“Hist!” whispered Mâs from the background. “Be silent, blockhead! It is his son who follows.”

Zeyd and Mâs together shrank away into the darkness.

Confused by the touch of Zeyd, by words which had failed to pierce his sad abstraction, and yet more by the vanishing of the disturbers ere he could ask what ailed them, Shems-ud-dìn stood still, as they had left him, looking back.

A tall shape grew out of the darkness. It loomed swiftly upon him. He heard a sobbing, felt his robe caught fast in a clutch of despair.

“Forsake me not, O my father!”

It was the voice of Abd-ur-Rahman, the one voice in all the world of power to strike him. Folding his son to his breast, the old man lifted up his voice and wept.

“Ah, have mercy, O my father! Go not now to the khan, but turn aside into this entry till I bare my soul to thee.”

“Is it worth the while, O beloved? Do I not know already?” said Shems-ud-dìn; but his son’s will constrained him.

In a gloom so profound that the night they had left without seemed a brightness by comparison, Abd-ur-Rahman fell at his father’s feet. When the sheykh strove to raise him, he uttered cries of pain.

“Let be, O my father! First hear me to an end. When I left thee to go to my uncle, I was the child of thy training; I knew no law but that God sent, in which thou hadst instructed me; I thought that all who call themselves Muslimûn deferred to that law in conscience as in form.
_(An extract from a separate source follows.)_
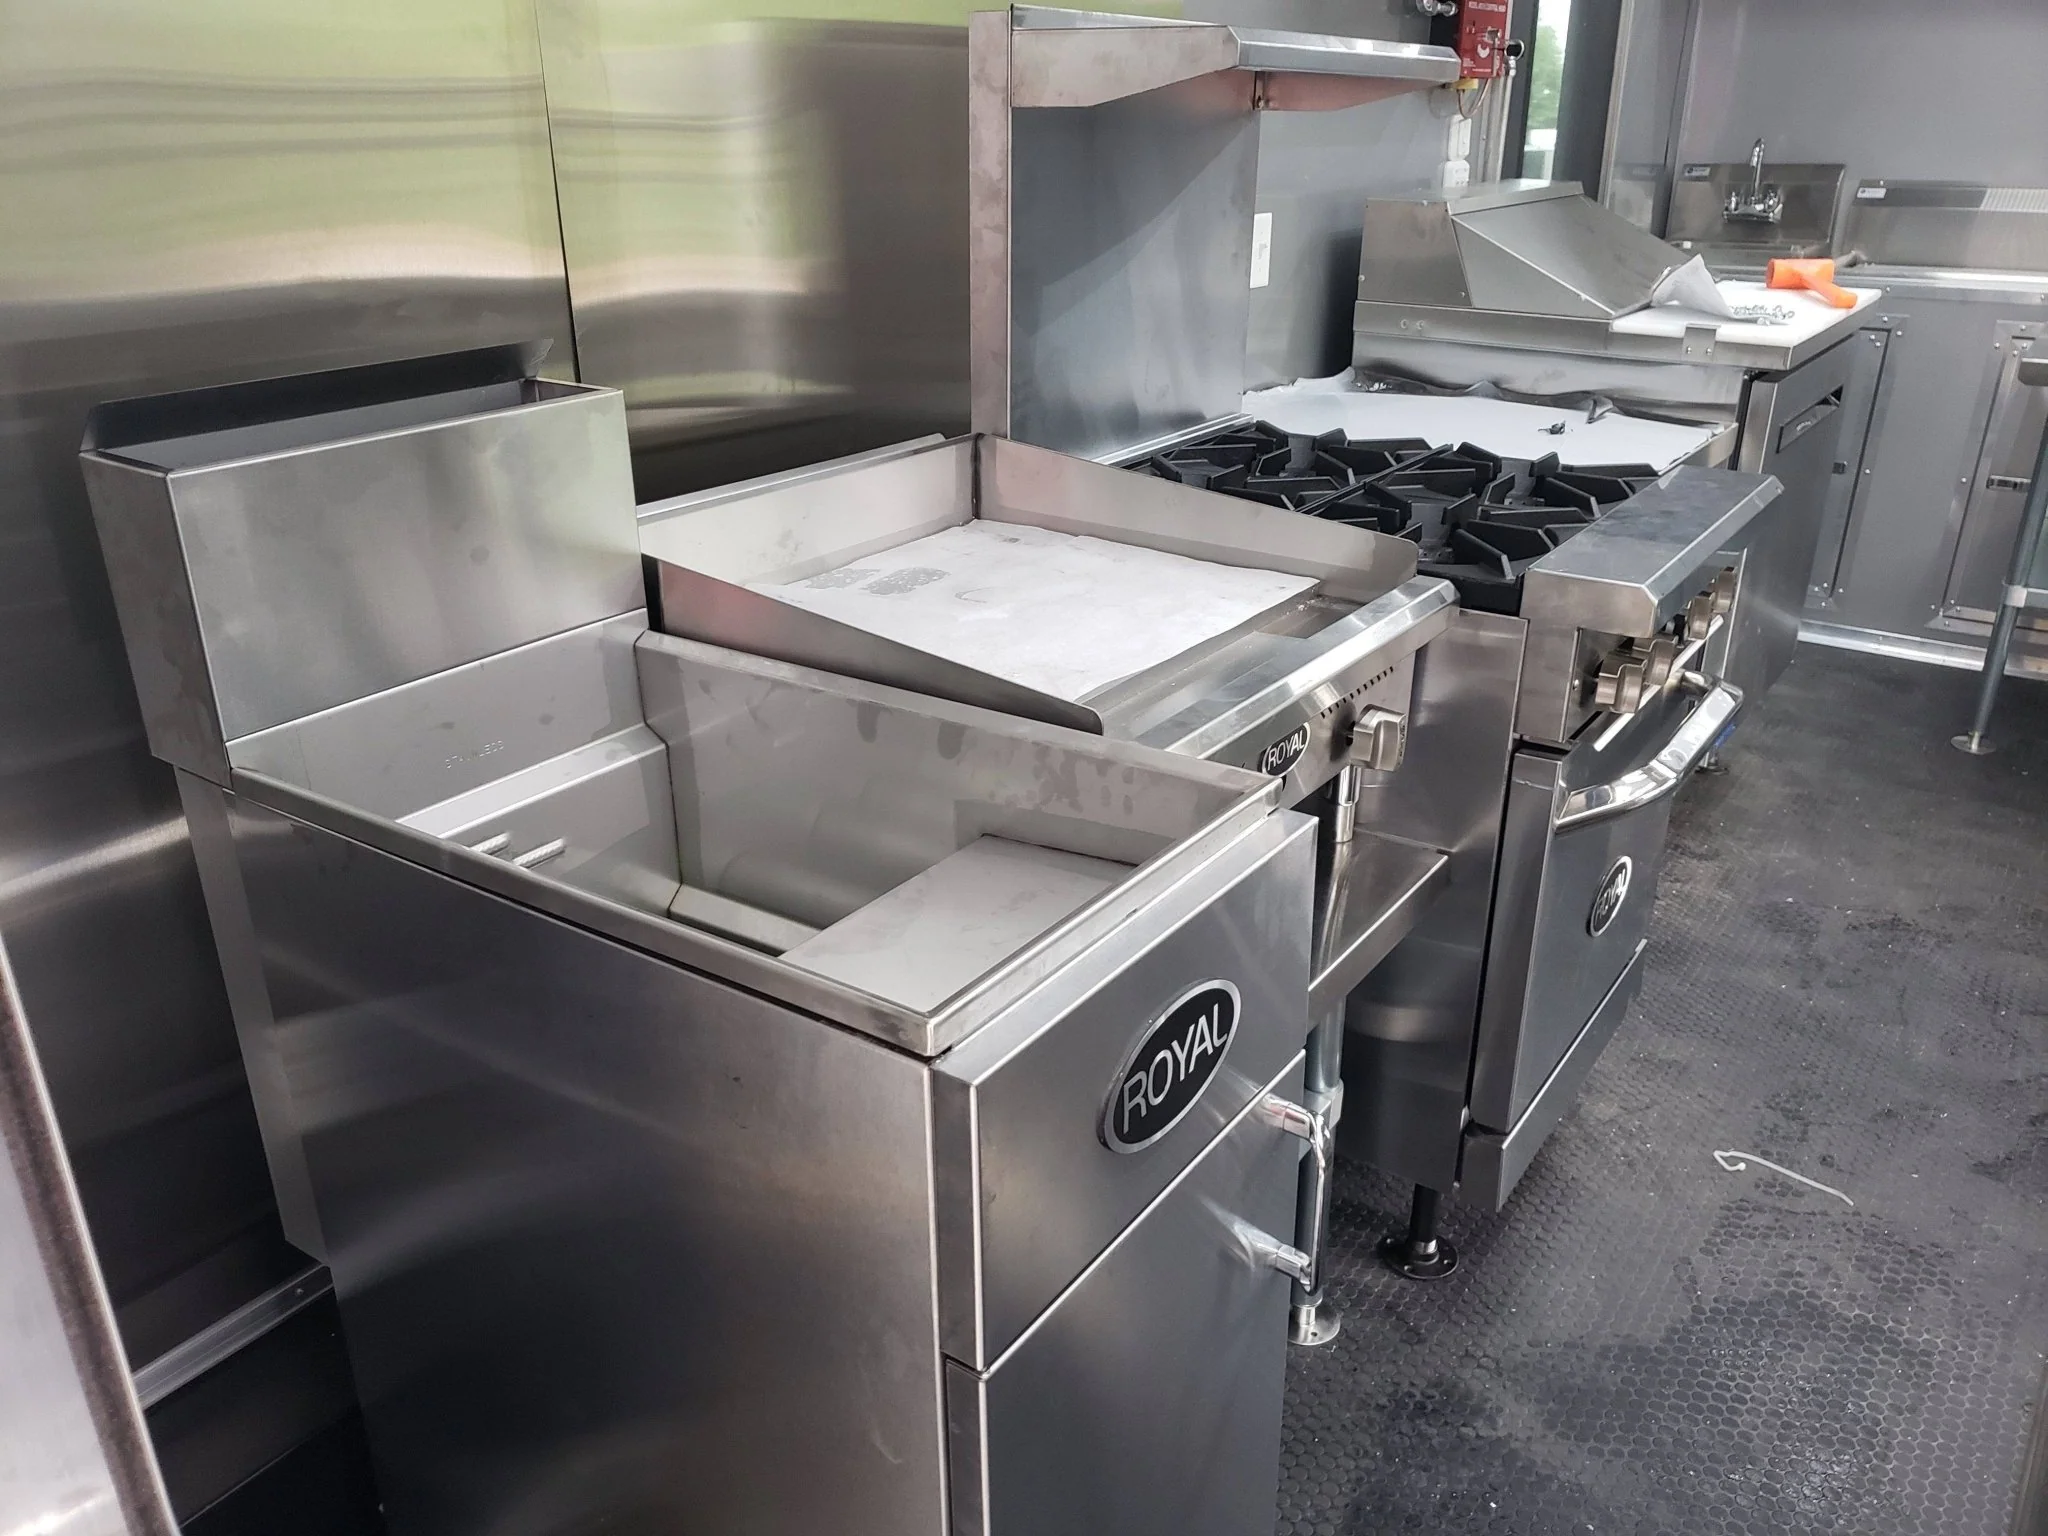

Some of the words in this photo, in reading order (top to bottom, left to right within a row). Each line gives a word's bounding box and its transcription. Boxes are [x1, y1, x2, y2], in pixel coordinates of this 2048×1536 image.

But when I came to Istanbûl, and beheld the grandeur of that city, with its wealth and luxury, my soul doubted, and I looked two ways; for things I had reckoned sinful were there done openly in the daylight, while men of ripe years and superior judgment smiled at my careful observances and scruples against the use of this and that. After a little, thy likeness faded from my remembrance; thy maxims sounded faint amid the voices near me.